A half-dozen arrows thumped into the sail, others flickered past to plunge into the sea. I could hear the waves roaring, the wind’s song through the rigging, and then I shoved the steering blade hard, putting all my strength into the oar’s great loom, and I saw the snake-ship turning towards us, which is what her helmsman should have done moments before, but now it was too late. We were close, and closing fast. ‘Spears!’ Finan shouted the warning from the prow.

‘Brace!’ I bellowed. An arrow glanced off the iron rim at the top of Folcbald’s shield, a spear-blade scarred the deck at my feet, then Spearhafoc heeled into the turn and a gust of wind buried her rail. I staggered, an arrow smacked hard into the sternpost, then Spearhafoc recovered, her sail protesting as we turned into the wind, water streaming from her scuppers, and above the sounds of the sea and the howl of the wind I heard the shouts of alarm from the enemy.

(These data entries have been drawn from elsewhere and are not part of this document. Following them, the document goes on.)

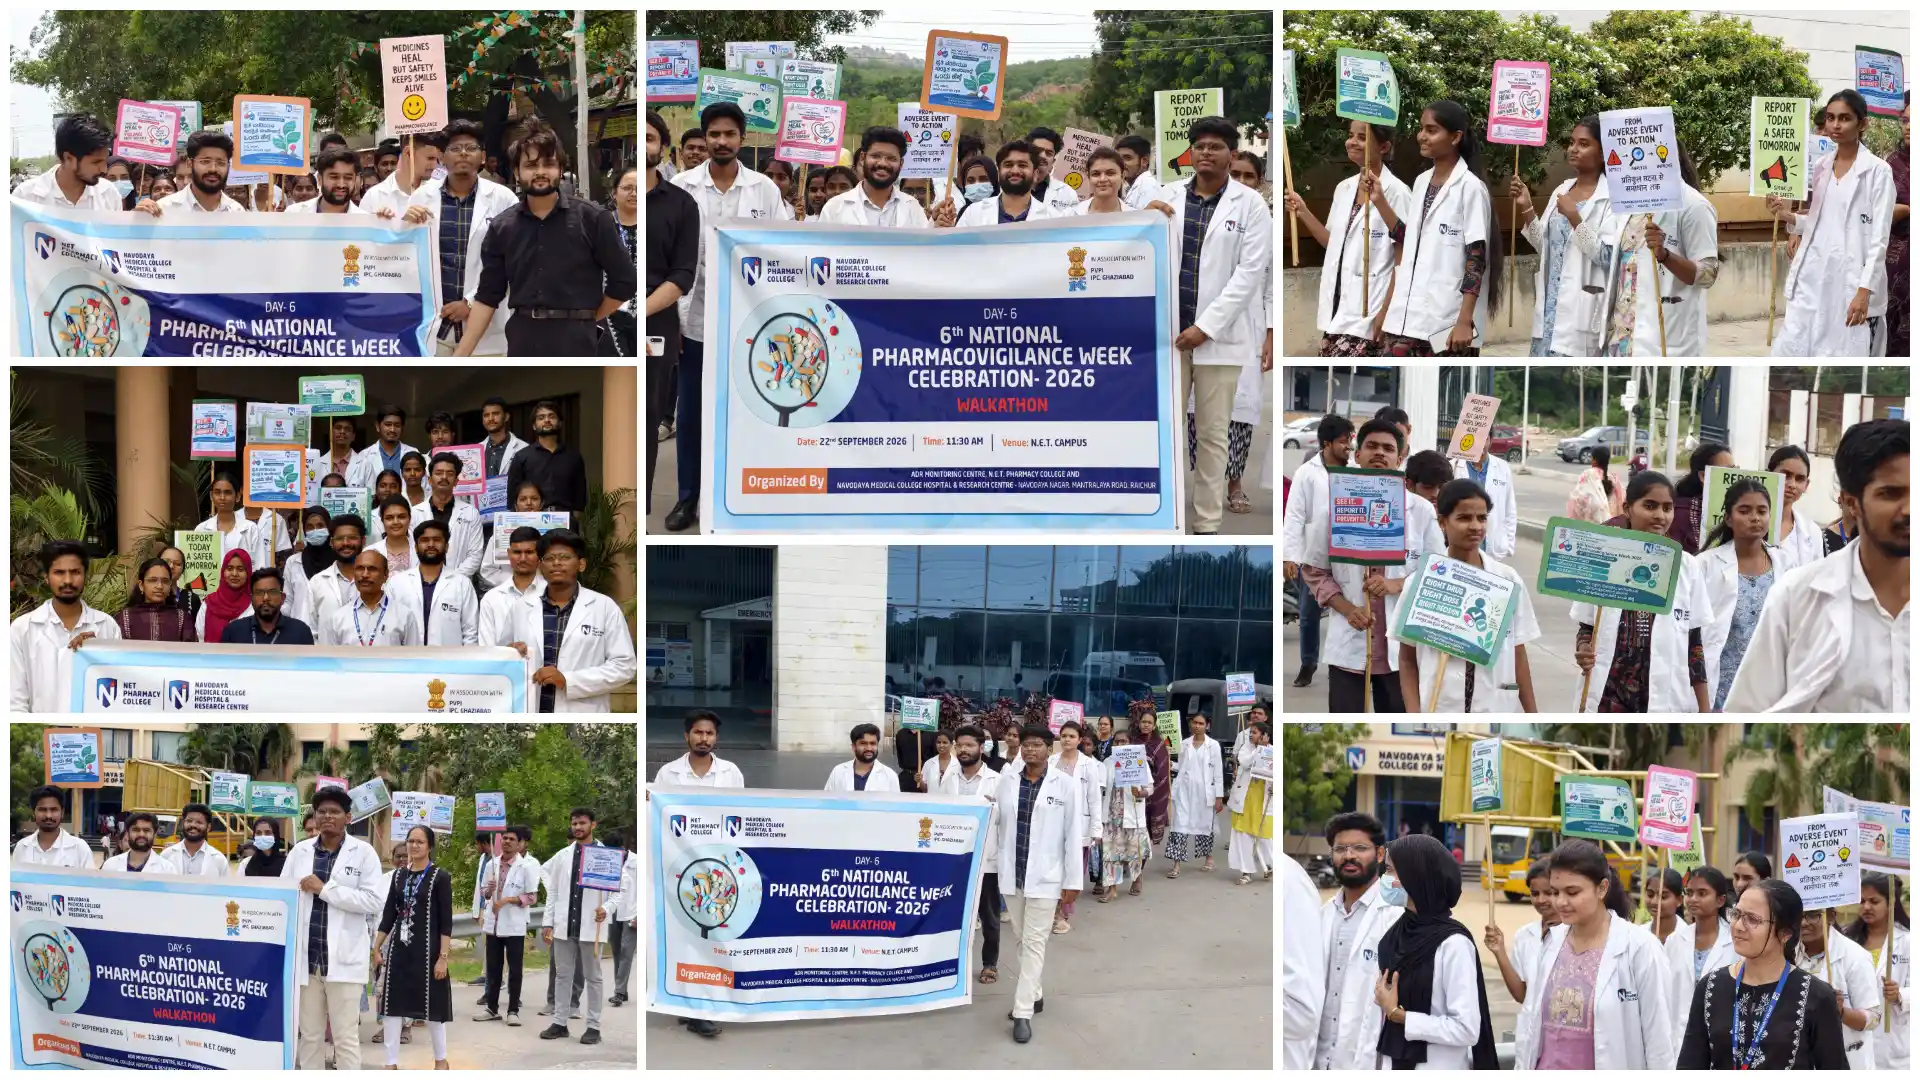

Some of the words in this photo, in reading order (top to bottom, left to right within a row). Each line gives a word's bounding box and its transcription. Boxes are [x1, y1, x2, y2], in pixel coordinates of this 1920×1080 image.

[393, 43, 430, 52] MEDICINES
[402, 53, 423, 63] HEAL
[393, 65, 406, 74] BUT
[409, 64, 434, 73] SAFETY
[392, 75, 412, 83] KEEPS
[415, 73, 437, 81] SMILES
[405, 84, 424, 92] ALIVE
[1170, 93, 1208, 103] REPORT
[1174, 107, 1204, 116] TODAY
[1765, 102, 1797, 113] REPORT
[1171, 119, 1177, 128] A
[1624, 118, 1643, 126] FROM
[1767, 115, 1793, 126] TODAY
[1608, 126, 1639, 137] ADVERSE
[1640, 124, 1664, 135] EVENT
[1764, 129, 1769, 138] A
[1772, 129, 1795, 139] SAFER
[1072, 134, 1101, 145] MEDICINES
[1617, 138, 1627, 146] TO
[1629, 136, 1656, 145] ACTION
[1076, 143, 1092, 151] HEAL
[1759, 140, 1801, 152] TOMORROW
[1064, 155, 1079, 163] KEEPS
[265, 302, 287, 313] DAY-
[289, 302, 296, 313] 6
[984, 308, 1008, 320] DAY-
[1010, 308, 1018, 320] 6
[226, 319, 247, 336] 6th
[251, 318, 337, 337] NATIONAL
[940, 326, 964, 344] 6th
[969, 326, 1063, 344] NATIONAL
[352, 339, 401, 356] WEEK
[872, 347, 1073, 367] PHARMACOVIGILANCE
[1079, 346, 1133, 365] WEEK
[908, 369, 1040, 389] CELEBRATION-
[1045, 369, 1096, 388] 2026
[957, 397, 1049, 413] WALKATHON
[797, 438, 818, 446] Date:
[819, 437, 836, 445] 22nd
[838, 437, 884, 446] SEPTEMBER
[886, 437, 907, 445] 2026
[923, 437, 945, 445] Time:
[946, 437, 970, 446] 11:30
[971, 437, 984, 445] AM
[1002, 439, 1029, 447] Venue:
[1031, 438, 1053, 447] N.E.T.
[1054, 438, 1087, 447] CAMPUS
[748, 475, 806, 489] Organized
[809, 476, 825, 489] By
[186, 534, 213, 542] REPORT
[185, 562, 218, 570] OMORROW
[1426, 578, 1447, 590] RIGHT
[1446, 584, 1464, 596] DRUG
[1422, 589, 1443, 600] RIGHT
[1442, 594, 1460, 605] DOSE
[123, 690, 161, 698] PHARMACY
[123, 698, 151, 706] COLLEGE
[1379, 751, 1433, 762] NAVODAYA
[1379, 762, 1419, 771] COLLEGE
[1422, 763, 1433, 771] OF
[1808, 824, 1826, 832] FROM
[1789, 832, 1822, 843] ADVERSE
[1824, 829, 1849, 839] EVENT
[1799, 842, 1809, 850] TO
[1812, 839, 1839, 848] ACTION
[1672, 853, 1700, 862] TOMORROW
[821, 869, 839, 882] 6th
[843, 869, 910, 885] NATIONAL
[769, 884, 917, 899] PHARMACOVIGILANCE
[920, 884, 953, 901] WEEK
[796, 900, 891, 913] CELEBRATION-
[895, 902, 930, 916] 2026
[831, 920, 897, 931] WALKATHON
[139, 954, 156, 967] 6th
[159, 956, 224, 974] NATIONAL
[680, 968, 721, 981] Organized
[96, 965, 232, 991] PHARMACOVIGILANCE
[235, 978, 268, 997] WEEK
[121, 984, 209, 1005] CELEBRATION-
[213, 993, 246, 1010] 2026
[153, 1008, 216, 1023] WALKATHON
[81, 1025, 109, 1034] SEPTEMBER
[110, 1028, 124, 1036] 2026

‘Hold hard!’ I shouted at my crew.

And we struck.

We lurched violently forward as we jarred to a stop. There was a huge splintering sound, bellows of fright, a churning of water, curses. The backstay beside me tautened frighteningly and, for an instant, I thought our mast would collapse across the bows, but the twisted sealhide held, even though it vibrated like a plucked harp string. Beornoth and Folcbald both fell. Spearhafoc had ridden up on the snake-ship’s hull and now settled back with a grinding noise. We had turned into the wind to ram the enemy and I had worried that we would lose way and so strike her less hard than if we had rammed her downwind, but Spearhafoc’s weight and speed had been enough to shatter the snake-ship’s hull. Our sail was now pressed against the mast and was pushing us back, though it seemed as if our bow was tangled with the enemy’s hull because the ships stayed together and Spearhafoc slewed slowly around to larboard and, to my alarm, she began to go down at the prow. Then I heard a sharp crack and Spearhafoc quivered, there was a ripping sound, and she suddenly righted. Her prow had been caught by the broken strakes of the snake-ship’s hull, but she had broken free.

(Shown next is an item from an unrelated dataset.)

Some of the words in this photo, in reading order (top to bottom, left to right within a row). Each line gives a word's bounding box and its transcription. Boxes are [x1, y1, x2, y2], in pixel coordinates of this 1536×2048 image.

The snake-ship was sinking. We had struck her with our prow, the strongest part of Spearhafoc’s hull, and we had splintered her low freeboard as easily as cracking an egg. Water was flowing in, she was tilting, and her bilge, which was crammed with ballast stones, was flooding fast. Her crew, dressed in mail, was doomed, except for those few who had managed to cling to our ship, and meanwhile we were being blown backwards towards the other enemy boats, who, their oars at last in the water, were straining to reach us. We were wallowing. I bellowed at men to haul in the larboard sheet of the sail and loosen the steerboard sheet. To my right the snake-ship was on her side in a maelstrom of white water, surrounded by flotsam, and then she vanished, the last sight of her a small triangular banner at the peak of her canted mast.

I thrust the steering-oar over, praying that Spearhafoc would gain enough way to make the oar’s big blade bite, but she was still sluggish. Our prisoners, there were five of them, had been hauled inboard, and Finan had men stripping them of mail, helmets, and sword belts. ‘Watch behind, lord!’ Folcbald said, sounding alarmed.

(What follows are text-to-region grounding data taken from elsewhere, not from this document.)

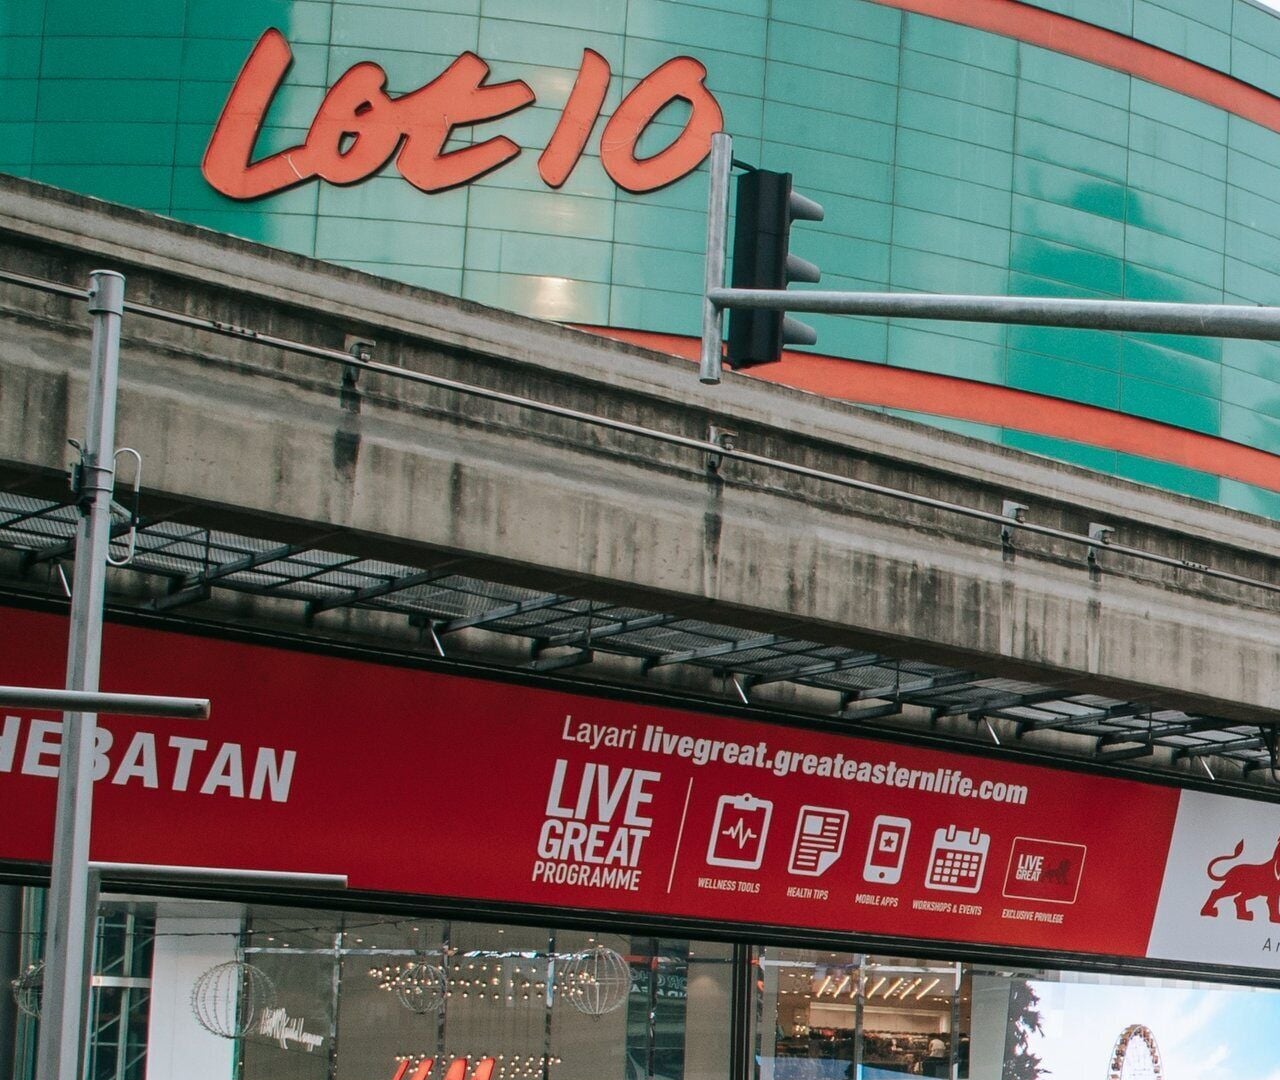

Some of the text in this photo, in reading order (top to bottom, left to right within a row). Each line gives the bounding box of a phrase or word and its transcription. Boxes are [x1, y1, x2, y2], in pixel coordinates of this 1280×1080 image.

[203, 27, 724, 200] Lot 10
[562, 714, 1029, 805] Layari livegreat.greateasternlife.com
[545, 758, 662, 828] LIVE
[537, 818, 651, 867] GREAT
[1018, 853, 1044, 870] LIVE
[531, 860, 642, 891] PROGRAMME
[1015, 869, 1042, 882] GREAT
[697, 877, 761, 894] WELLNESS TOOLS
[786, 886, 829, 900] HEALTH TIPS
[854, 893, 899, 907] MOBILE APPS
[912, 899, 951, 913] WORKSHOPS
[958, 904, 983, 916] EVENTS
[1001, 908, 1064, 924] EXCLUSIVE PRIVILEGE
[1262, 937, 1272, 951] A

The nearest enemy ship, the vessel with the lime-washed cross on her high prow, was closing on us. She was as large as Spearhafoc and looked much heavier. Her crew was bigger than the snake-ship’s doomed crew, but her commander had only ordered twenty-four men to the oars, a dozen on each side, because he wanted the rest ready to leap aboard Spearhafoc. There were helmeted warriors in the bows and more crammed into her waist. At least seventy of them, I thought, maybe more. The first arrows flew, and most went high to slap into our sail, but one whipped close beside me. I instinctively made sure Serpent-Breath was at my side and shouted for Roric.

‘Lord?’ he called back.

‘Have my shield ready!’ The cross-prowed ship was lumbering towards us, and we were being wind-driven towards her. She was not coming fast because she was rowing into the wind, she was heavy, and she had too few oarsmen, so it was doubtful that she could sink us as we had sunk the snake-ship, but the height of her prow would let her warriors leap down into our wide belly.

Then Banamaðr suddenly crossed our bows. She was running before the wind and I saw Egil thrust his steering-oar to turn towards the cross-prowed ship. The helmsman of that ship saw the Norseman coming and, even though Banamaðr was half his size, he must have feared being rammed because he shouted at his larboard oarsmen to back water and so slewed to meet Egil’s threat bows on. He was close to us now, so close! I shoved the steering-oar, but still it would not bite, which meant Spearhafoc was dead in the water and still being wind-driven towards the enemy. I let go of the oar’s loom and took my shield from Roric. ‘Get ready!’ I shouted. I drew Wasp-Sting, my seax, and the short blade hissed from the fleece-lined scabbard. Broken waves slopped between our ships. The enemy ship had turned towards Egil and would now crash broadside into us, and her crew, armed and mailed, was standing ready to leap. I saw a half-dozen archers raise their bows, then there was sudden chaos in the belly of the cross-prowed ship as Banamaðr slid down her larboard side to shatter the oars. The oar looms were driven hard into the bellies of the rowers, the ship seemed to shiver, the archers staggered and their arrows flew wild, Egil loosed his sail to fly free in the wind as he turned to slide his bows against the enemy’s stern. He had men with long-bearded axes ready to grapple the enemy, Banamaðr’s bows glanced on the enemy’s stern quarter, both ships lurched, the axes fell to draw the two hulls together and I saw the first screaming Norsemen leap onto the cross-prowed ship’s stern.

Then we hit. We crashed into the enemy’s steerboard oars first, which cracked and splintered, but also held her off for a moment. One huge man, his mouth open as he yelled, leaped at Spearhafoc, but his own ship lurched as he jumped and his bellow of defiance turned into a desperate shout as he fell between the ships. He flailed as he tried to grab our rail, but one of my men kicked his hands and he vanished, dragged down by his armour. The wind drove our stern against the enemy and I jumped onto her steering platform, followed by Folcbald and Beornoth. Egil’s savage Norsemen had already killed the helmsman and were now fighting in the belly of the boat, and I was shouting at men to follow me. I jumped down from the steering platform, and a boy, no more than a child, screamed in terror. I kicked him under a rower’s bench and snarled at him to stay there.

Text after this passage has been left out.